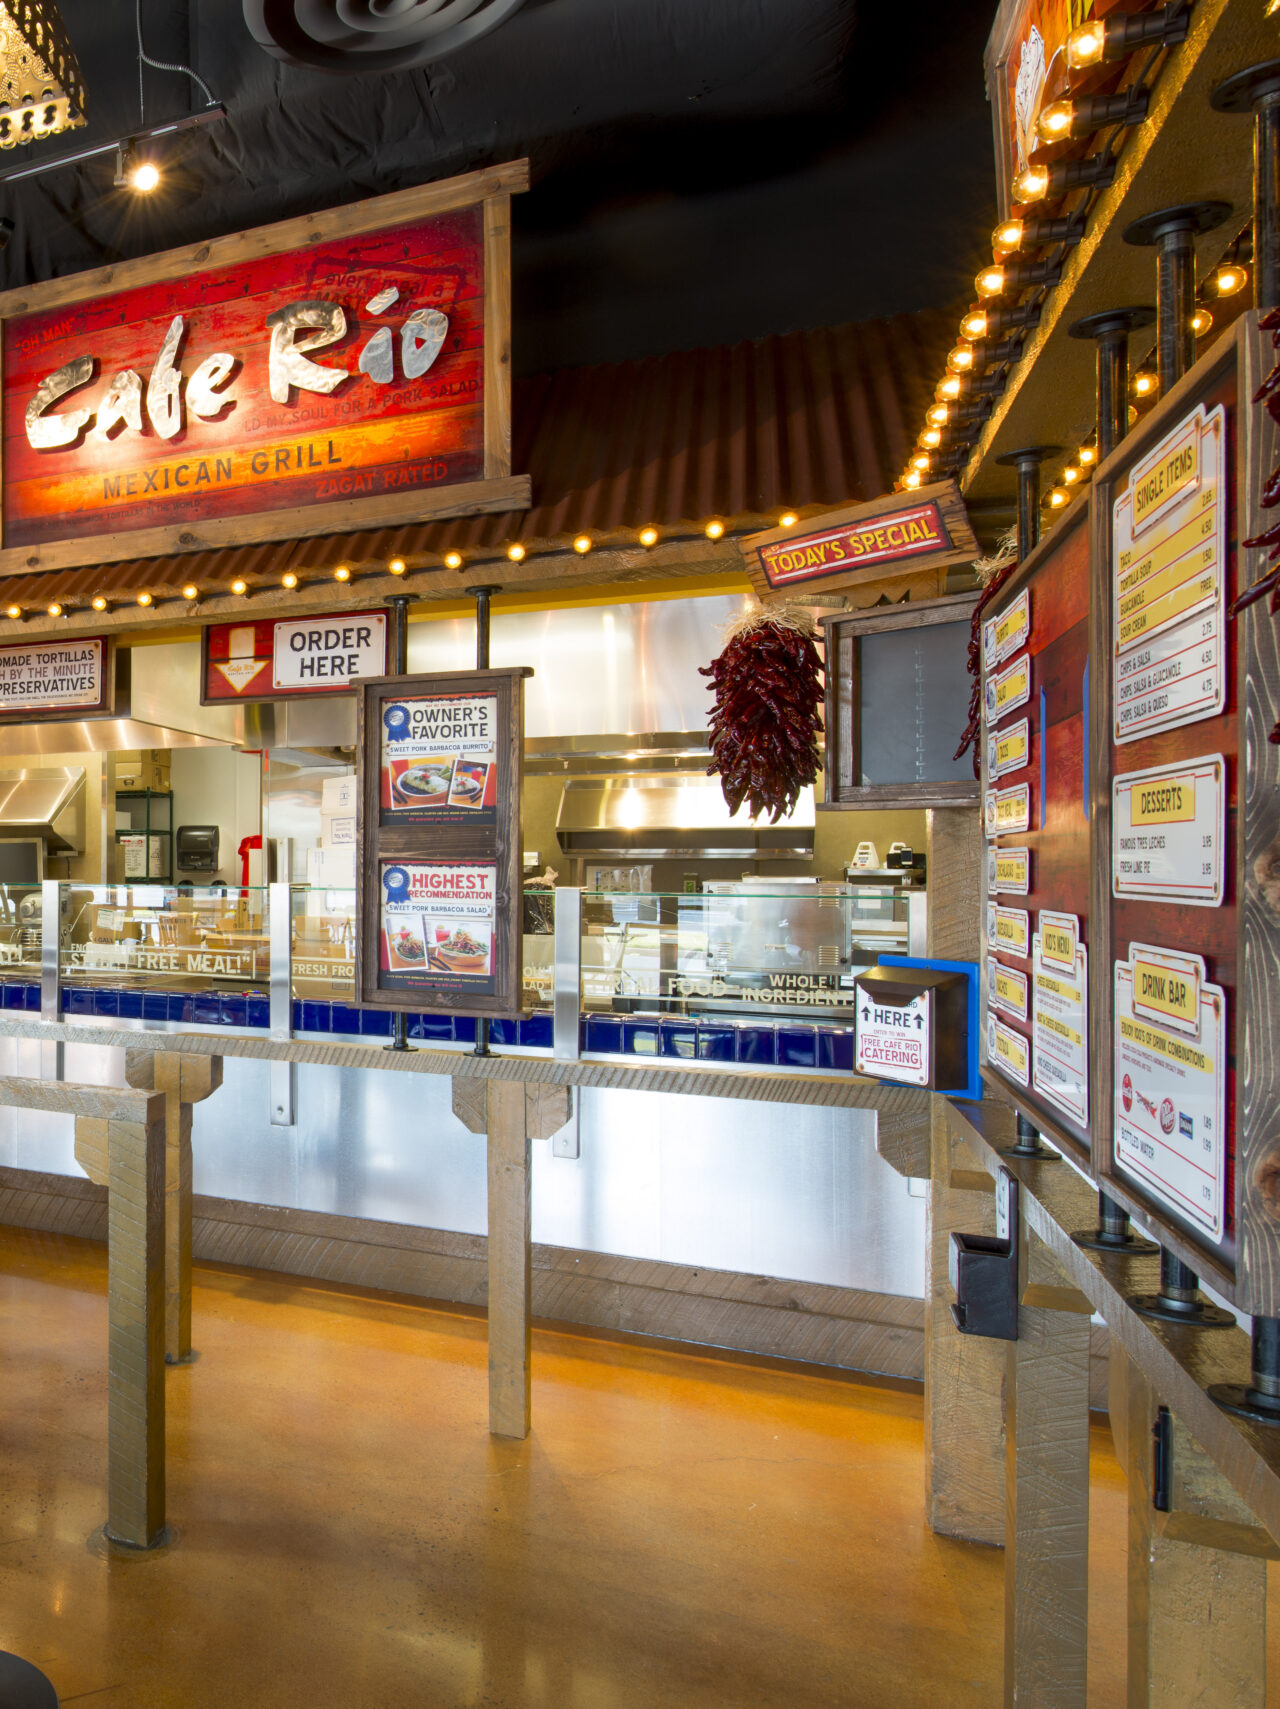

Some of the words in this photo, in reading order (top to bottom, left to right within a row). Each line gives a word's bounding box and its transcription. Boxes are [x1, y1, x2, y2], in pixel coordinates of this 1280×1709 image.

[266, 287, 449, 403] Rio
[333, 400, 361, 416] FOR
[367, 397, 377, 410] A
[382, 389, 422, 408] PORK
[104, 458, 232, 500] MEXICAN
[251, 440, 342, 475] GRILL
[316, 470, 375, 498] ZAGAT
[384, 462, 448, 489] RATED
[1137, 470, 1164, 513] SINGLE
[1166, 445, 1193, 487] ITEMS
[767, 541, 845, 574] TODAY'S
[849, 519, 938, 555] SPECIAL
[1120, 551, 1131, 569] TACO
[1120, 571, 1139, 592] TORTILLA
[1140, 560, 1152, 580] SOUP
[1120, 590, 1145, 616] GUACAMOLE
[1120, 624, 1131, 640] SOUR
[1132, 614, 1147, 633] CREAM
[1200, 576, 1212, 593] FREE
[289, 626, 371, 652] ORDER
[36, 649, 94, 664] TORTILLAS
[299, 654, 359, 678] HERE
[1120, 659, 1132, 676] CHIPS
[1138, 650, 1151, 668] SALSA
[10, 668, 23, 680] BY
[28, 666, 49, 678] THE
[53, 663, 95, 677] MINUTE
[1134, 677, 1147, 695] SALSA
[1152, 662, 1181, 686] GUACAMOLE
[412, 706, 488, 723] OWNER'S
[1134, 701, 1147, 717] SALSA
[1153, 694, 1168, 711] QUESO
[412, 723, 488, 740] FAVORITE
[1141, 786, 1182, 815] DESSERTS
[1120, 838, 1136, 850] FAMOUS
[1137, 837, 1148, 850] TRES
[1149, 836, 1166, 849] LECHES
[1120, 861, 1132, 873] FRESH
[412, 873, 488, 889] HIGHEST
[408, 890, 492, 899] RECOMMENDATION
[466, 906, 487, 914] SALAD
[1045, 933, 1056, 952] KID'S
[1057, 935, 1070, 956] MENU
[292, 963, 328, 975] FRESH
[668, 977, 730, 998] FOOD
[770, 974, 828, 989] WHOLE
[1142, 972, 1166, 1001] DRINK
[1169, 982, 1187, 1009] BAR
[742, 987, 854, 1007] INGREDIENT
[874, 1009, 911, 1028] HERE
[863, 1038, 881, 1047] FREE
[884, 1040, 902, 1049] CAFE
[905, 1042, 918, 1052] RIO
[864, 1047, 919, 1064] CATERING
[1121, 1021, 1134, 1037] ENJOY
[1146, 1031, 1152, 1043] OF
[1153, 1033, 1167, 1051] DRINK
[1168, 1041, 1206, 1069] COMBINATIONS
[1121, 1126, 1139, 1150] BOTTLED
[1140, 1141, 1154, 1160] WATER
==============================
Lines with "SALSA" in them are what the answer must contain; copy each from the records above.

§ **Expected output**:
[1138, 650, 1151, 668] SALSA
[1134, 677, 1147, 695] SALSA
[1134, 701, 1147, 717] SALSA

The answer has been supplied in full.